Muiscasaurus Temporal range: Barremian-Aptian ~130.0–112.6 Ma PreꞒ Ꞓ O S D C P T J K Pg N

Scientific classification
- Kingdom: Animalia
- Phylum: Chordata
- Class: Reptilia
- Superorder: †Ichthyopterygia
- Order: †Ichthyosauria
- Family: †Ophthalmosauridae
- Genus: †Muiscasaurus Maxwell et al., 2015
- Type species: †Muiscasaurus catheti Maxwell et al., 2015

= Muiscasaurus =

Extinct genus of reptiles

Muiscasaurus is an extinct genus of ophthalmosaurid ichthyosaur that lived in modern Colombia during the Early Cretaceous. The only known species is the type Muiscasaurus catheti.

== Discovery ==
The fossils of Muiscasaurus were found in the Paja Formation, whose sediments are exposed near the town of Villa de Leyva in Boyacá Department. These remains were found in 2010 in the middle of a limestone concretion, known as the Arcillolitas abigarradas Member, dating from the Barremian to Aptian epochs of the Lower Cretaceous. Although ammonites were found attached to the fossils, their poor preservation prevented identifying them and thereby establish the stratigraphy and precise age of the specimen. The fossil found, listed as the holotype specimen CIP-FCG-CBP-74, consists of a partial skull and some vertebrae with ribs that were found associated with the skull. These remains were designated in 2015 as the new genus and species Muiscasaurus catheti; the genus name being a reference to the Muisca of central Colombia, with the Latinized Greek word saurus, "reptile". The species name, catheti, means perpendicular and refers to the shape of the nostrils. The remains were prepared for the Centro de Investigaciones Paleontológicas (Paleontological Research Center) in Villa de Leyva.

==Description==
The Muiscasaurus fossils corresponds to a juvenile individual, given the incomplete ossification of the vertebrae and the proportions of the skull. This lacks the front of the snout, as well as in the back of the skull, showing some crushing to the right side. The jaw elements are very thin and long, with some teeth preserved, which are relatively small. Muiscasaurus was a relatively large animal: the preserved skull length is 45 cm, and, depending on its exact proportions, could be between 48–65 cm total cranial length. This individual could reach 3 m long and up to 5 m long in adults. Like all advanced ichthyosaurs, Muiscasaurus must had a compact and streamlined body, with a tail shaped like a half moon and all four legs transformed into flippers.

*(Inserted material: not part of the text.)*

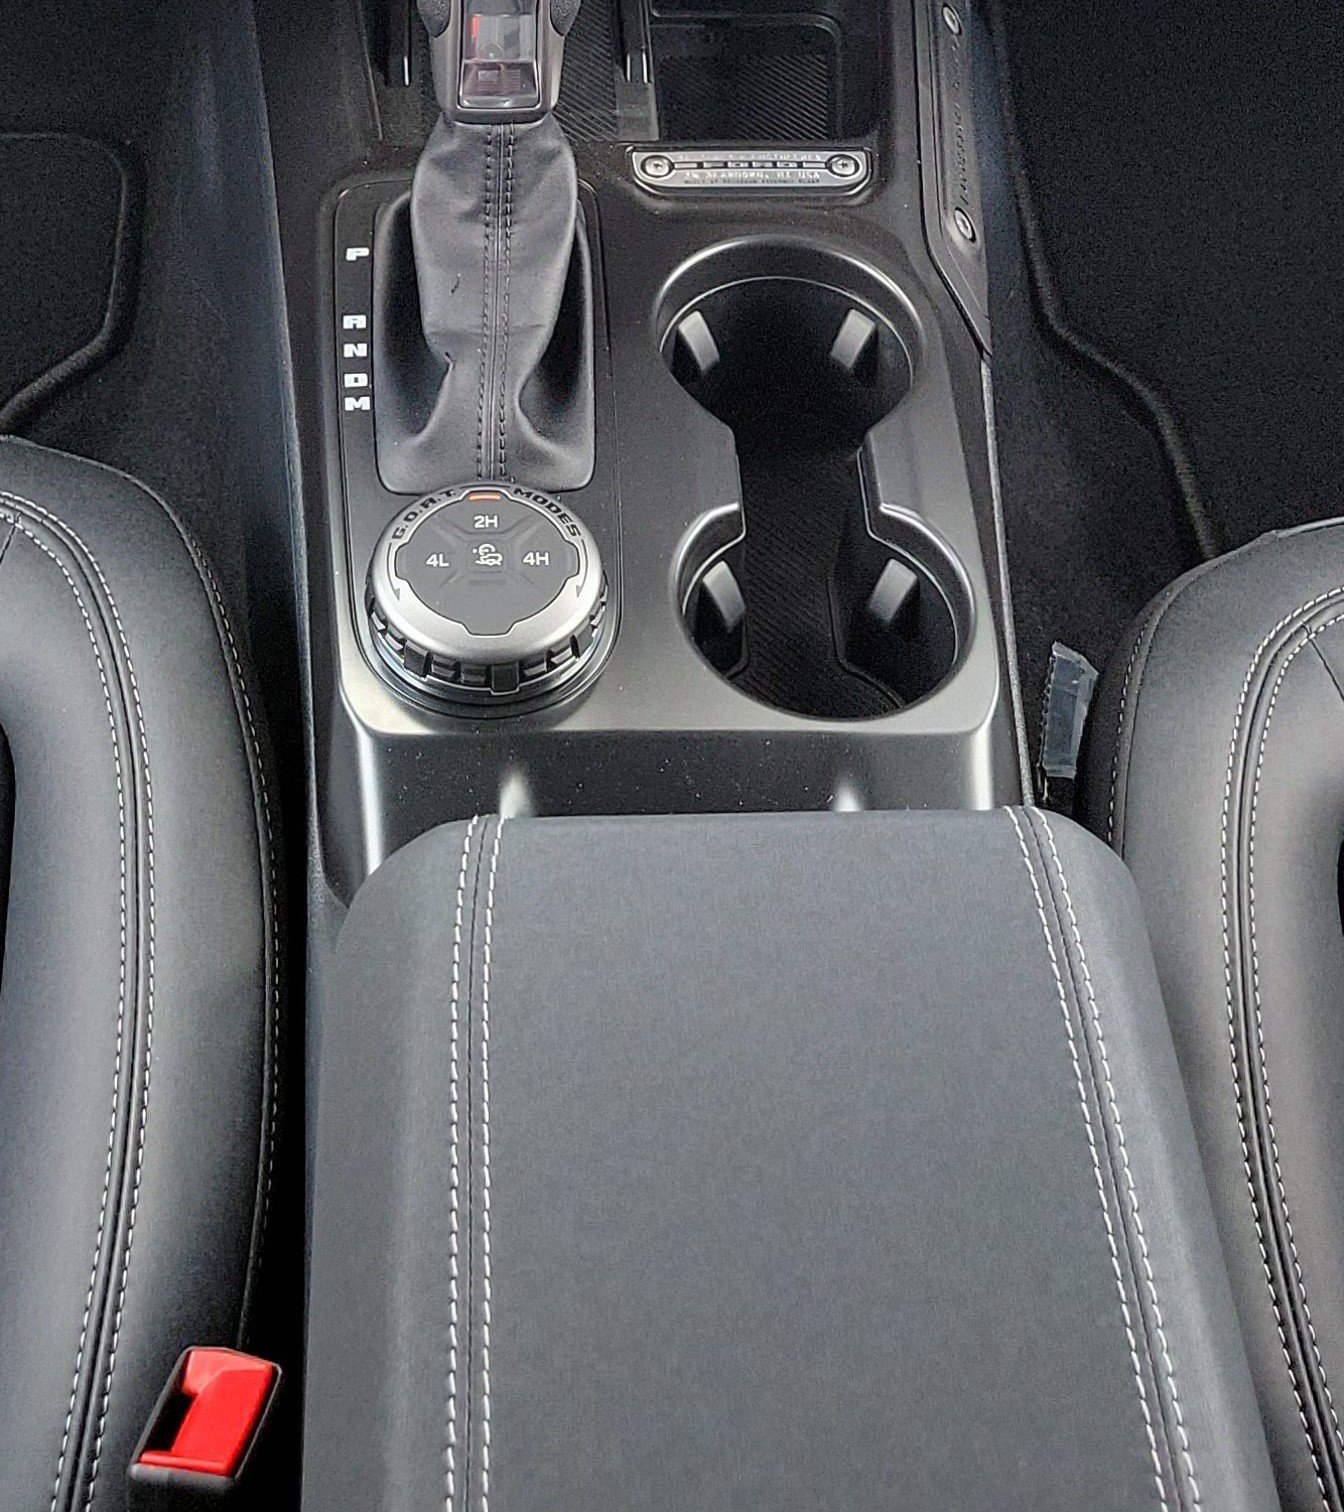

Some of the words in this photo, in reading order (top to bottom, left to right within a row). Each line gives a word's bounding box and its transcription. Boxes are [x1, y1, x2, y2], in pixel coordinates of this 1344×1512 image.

Muiscasaurus differs from its closest relatives by a combination of features: it had a very thin premaxilla, the nasal aperture is partially divided in two ovals for a spur-shaped nasal process, with the frontal portion in vertical position and the rear one horizontal; in other ophthalmosaurid ichthyosaurs, the aperture was fully open or fully separated into two. The posterior region was narrow and provided with a thin quadratojugal, the teeth were very thin and lacking of the thick enamel and the coarse striations, whereas in similar ichthyosaurs as Pervushovisaurus and Platypterygius had more robust teeth and grooves in the enamel.

==Phylogeny==
Muiscasaurus was described based on fossils that were classified as belonging to the Ophthalmosauridae family, which includes most of the ichthyosaurs that lived during the Jurassic and Cretaceous periods. Muiscasaurus seems particularly occupied a very basal position within the family, with respect to the subgroup composed by Platypterygius, Caypullisaurus and Brachypterygius (although the latter two genera were slightly older than Muiscasaurus itself) .

Cladogram based in the phylogenetic analysis of Maxwell et al., 2015:

The following cladogram shows a possible phylogenetic position of Muiscasaurus in Ophthalmosauridae according to the analysis performed by Zverkov and Jacobs (2020).

== Paleobiology ==
In addition to Muiscasaurus, in the Paja Formation has been recovered other kind of ichthyosaur, Kyhytysuka sachicarum; it is distinguished of Muiscasaurus for their teeth and cranial features, including thicker, robust teeth with grooved tooth enamel. The analysis could indicate that while P. sachicarum probably had a generalist diet, Muiscasaurus was a much more specialized form, feeding on smaller and softer prey items. This would show that during the Cretaceous period in the neotropics, ichthyosaurs kept some ecological diversity.